Justine bajó la mirada a su vestido amarillo narciso, en ese momento cubierto por pólvora suficiente como para garantizar un arresto en nombre de la seguridad pública. Y pensar que se había puesto el mejor que tenía...

Se oyó un refunfuño al otro lado de la puerta, seguido de un fuerte chapoteo.

–Déjanos. Te llamaré cuando llegue el momento de que la escoltes a casa. Cosa que harás, Jefferson. Como castigo, tengo también intención de suspenderte temporalmente el sueldo.

–Oh... sí, Su Excelencia –el mayordomo se giró, avanzó aún más su macizo mentón sobre su almidonado cuello y se dirigió hacia Justine, sin cruzar una sola vez su mirada con ella.

Justine soltó un suspiro, incapaz de sobreponerse a sus remordimientos. Guardando la pistola en su retícula, se la tendió.

–Reciba esto, Jefferson, junto con mis más sinceras disculpas. Quédese tranquilo, que no estaba cargada. Procuraré que Su Excelencia no se lo eche en cuenta.
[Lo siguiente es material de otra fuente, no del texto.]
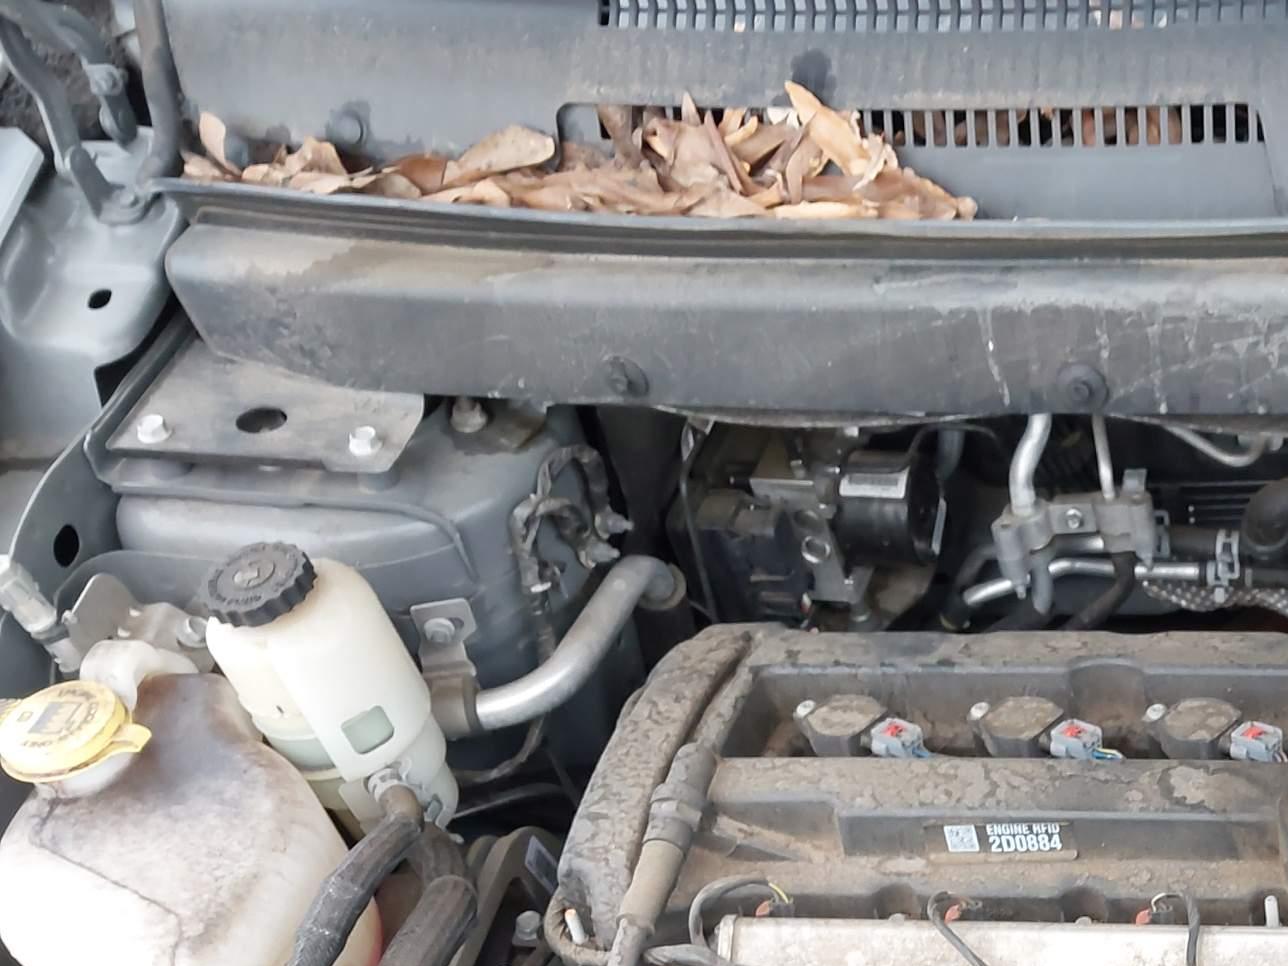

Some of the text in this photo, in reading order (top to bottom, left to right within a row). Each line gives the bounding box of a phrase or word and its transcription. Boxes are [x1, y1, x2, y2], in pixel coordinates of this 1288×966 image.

[986, 823, 1060, 835] ENGINE RFID
[988, 834, 1062, 852] 2D0884
El mayordomo se detuvo ante ella y enarcó una poblada ceja, como admitiendo tácitamente sus disculpas. Recogió la retícula con dos dedos y salió, cerrando la puerta a su espalda.

«Un alma menos de la que preocuparme», se dijo Justine mientras, con un tembloroso suspiro, se volvía hacia la puerta cerrada que llevaba a la cámara del baño. Ahora quedaba lo peor. Aquella tonante y agitada voz que había oído no se parecía en nada a la suya característica.
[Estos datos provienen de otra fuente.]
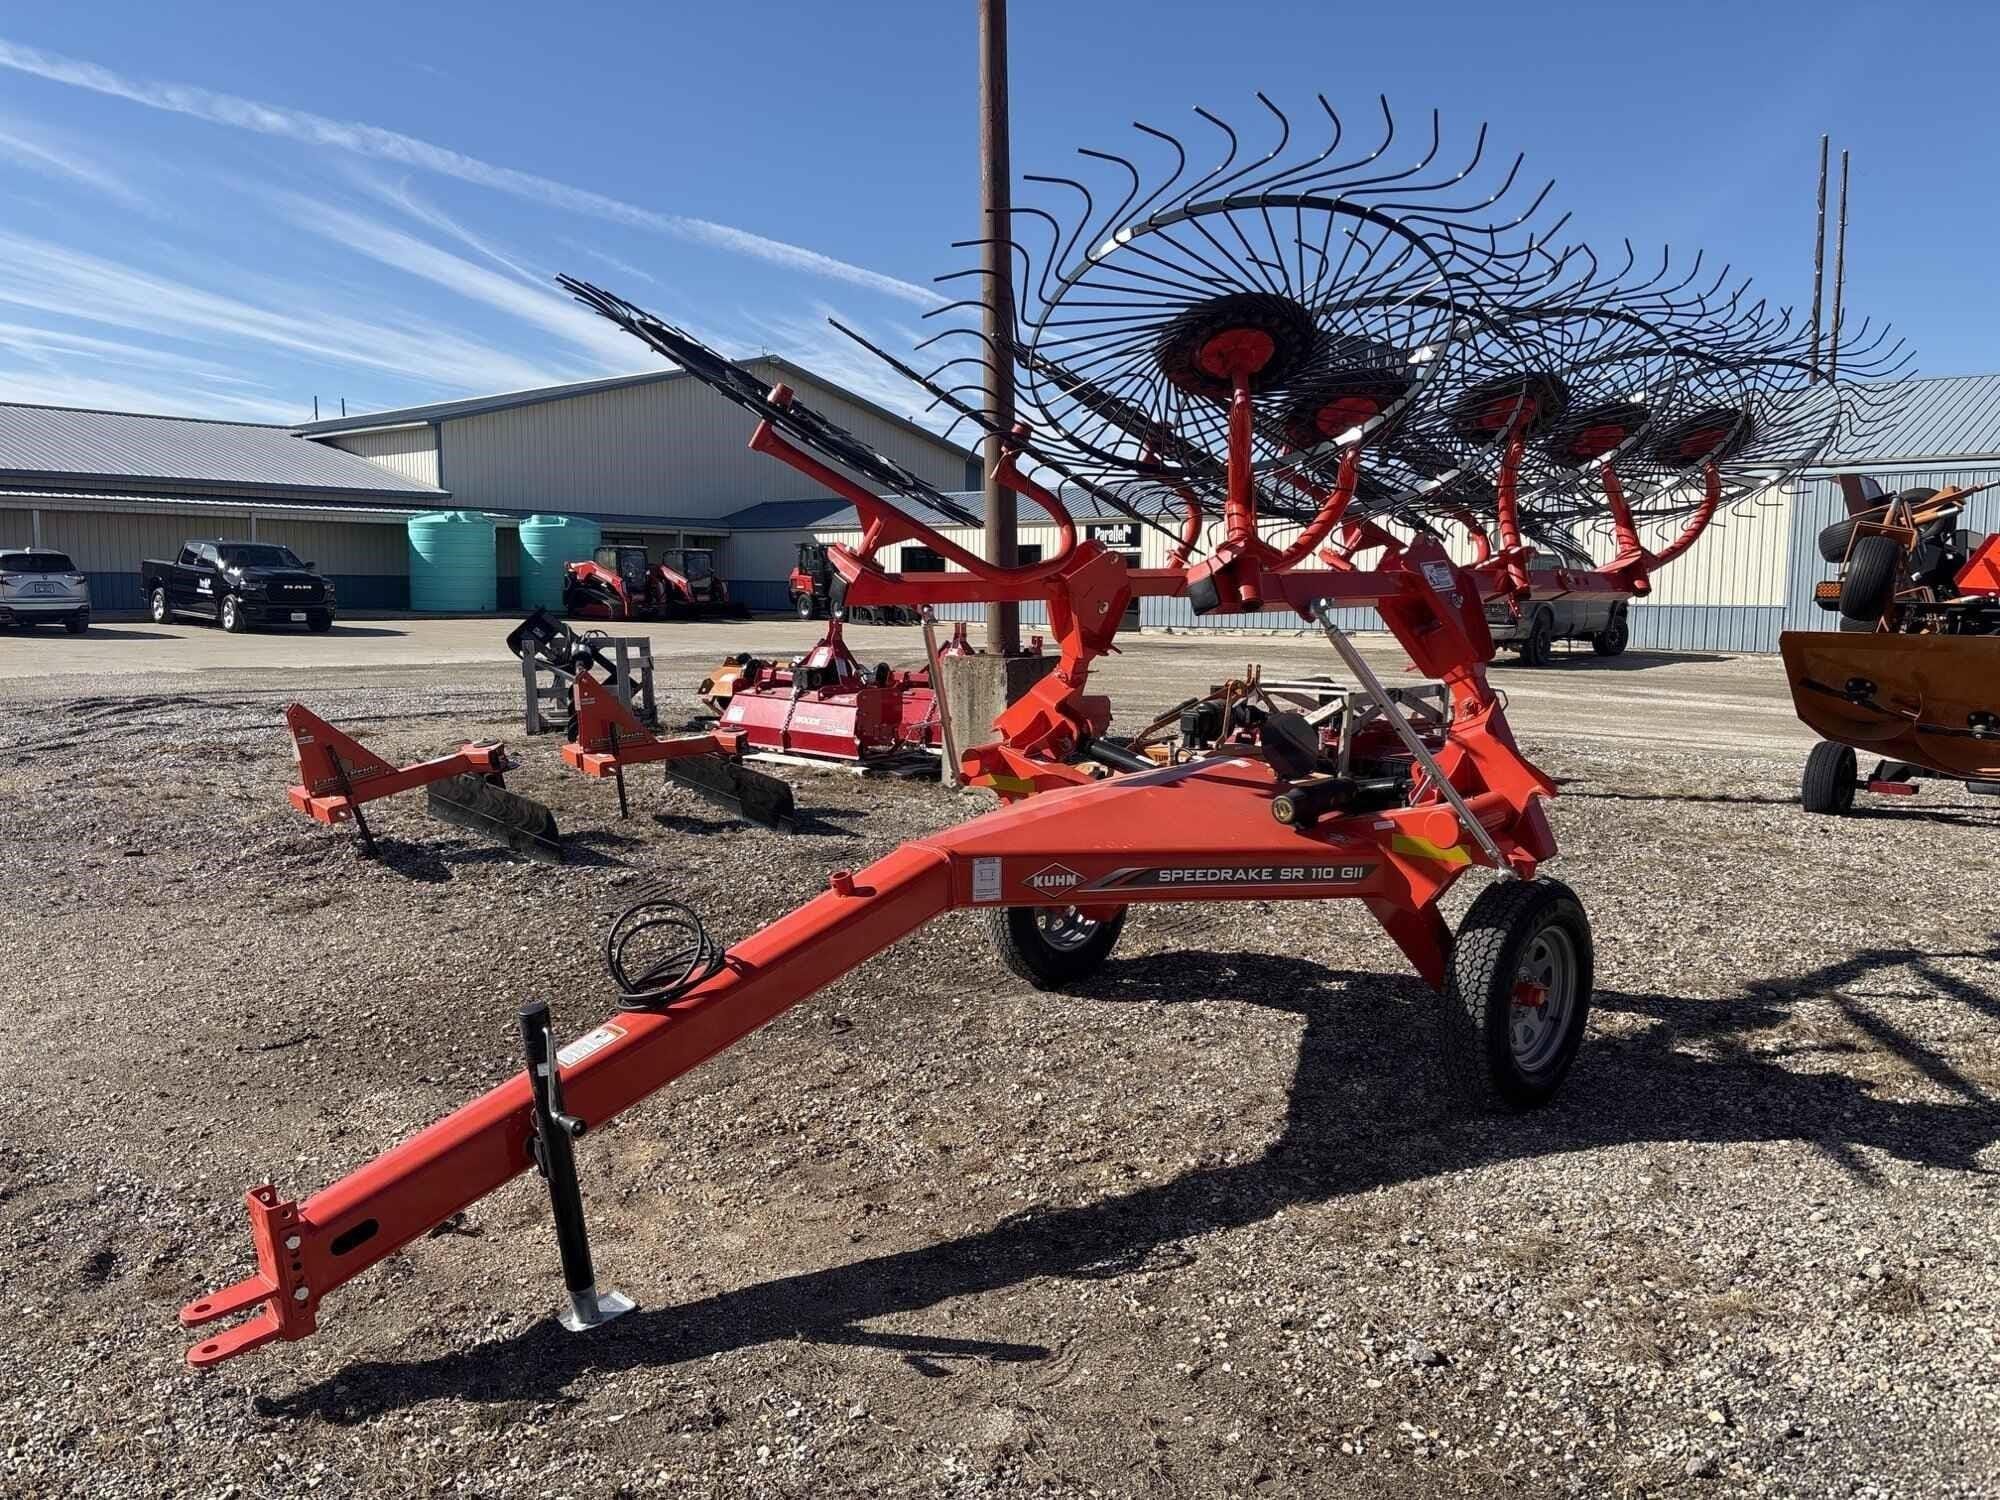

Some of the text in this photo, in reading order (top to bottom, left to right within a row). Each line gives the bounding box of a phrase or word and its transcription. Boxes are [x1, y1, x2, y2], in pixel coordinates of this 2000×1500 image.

Al fin y al cabo, antaño al menos, todo Londres habría podido estar ardiendo que el duque habría conservado sin problemas aquella juguetona cadencia de voz y aquel malicioso brillo en los ojos. Nunca se enojaba con facilidad y sabía bien cómo hacer que cualquiera, incluso un mísero estañador, se sintiera como un igual en su presencia. Aunque libertino, era sin embargo el hombre más bueno y sincero que había conocido.

El pulso le atronaba en los oídos mientras miraba la leve luz que se filtraba por entre las tablas de la puerta.
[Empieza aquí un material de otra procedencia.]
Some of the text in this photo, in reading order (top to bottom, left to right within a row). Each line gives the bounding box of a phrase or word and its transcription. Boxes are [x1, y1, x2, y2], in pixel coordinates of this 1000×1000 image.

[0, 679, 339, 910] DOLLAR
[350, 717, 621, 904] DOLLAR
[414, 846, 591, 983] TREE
–¿Bradford? –sabía que siempre había preferido que se dirigieran a él de esa forma.

–¿Tenéis alguna idea de la hora que es? ¿No os dais cuenta de que tenéis una responsabilidad hacia vos misma y hacia mi nombre?

Justine enarcó las cejas. ¿Desde cuándo Radcliff Edwin Morton, cuarto duque de Bradford, se preocupaba por la hora o la respetabilidad? Echó a andar hacia la cámara del baño, curiosa por lo que podría encontrar al otro lado de aquella puerta. Consciente de que se hallaba a la distancia de un brazo, se detuvo. ¿Qué demonios estaba haciendo? El hombre se estaba bañando, por el amor del cielo. Y al contrario que los hotentotes y demás habitantes de la sabana africana, que se cubrían los genitales con tiras de piel incluso cuando se bañaban, dudaba que él hiciera lo mismo. Se humedeció los labios, procurando no imaginárselo desnudo, y menos aún olvidar la razón de su visita.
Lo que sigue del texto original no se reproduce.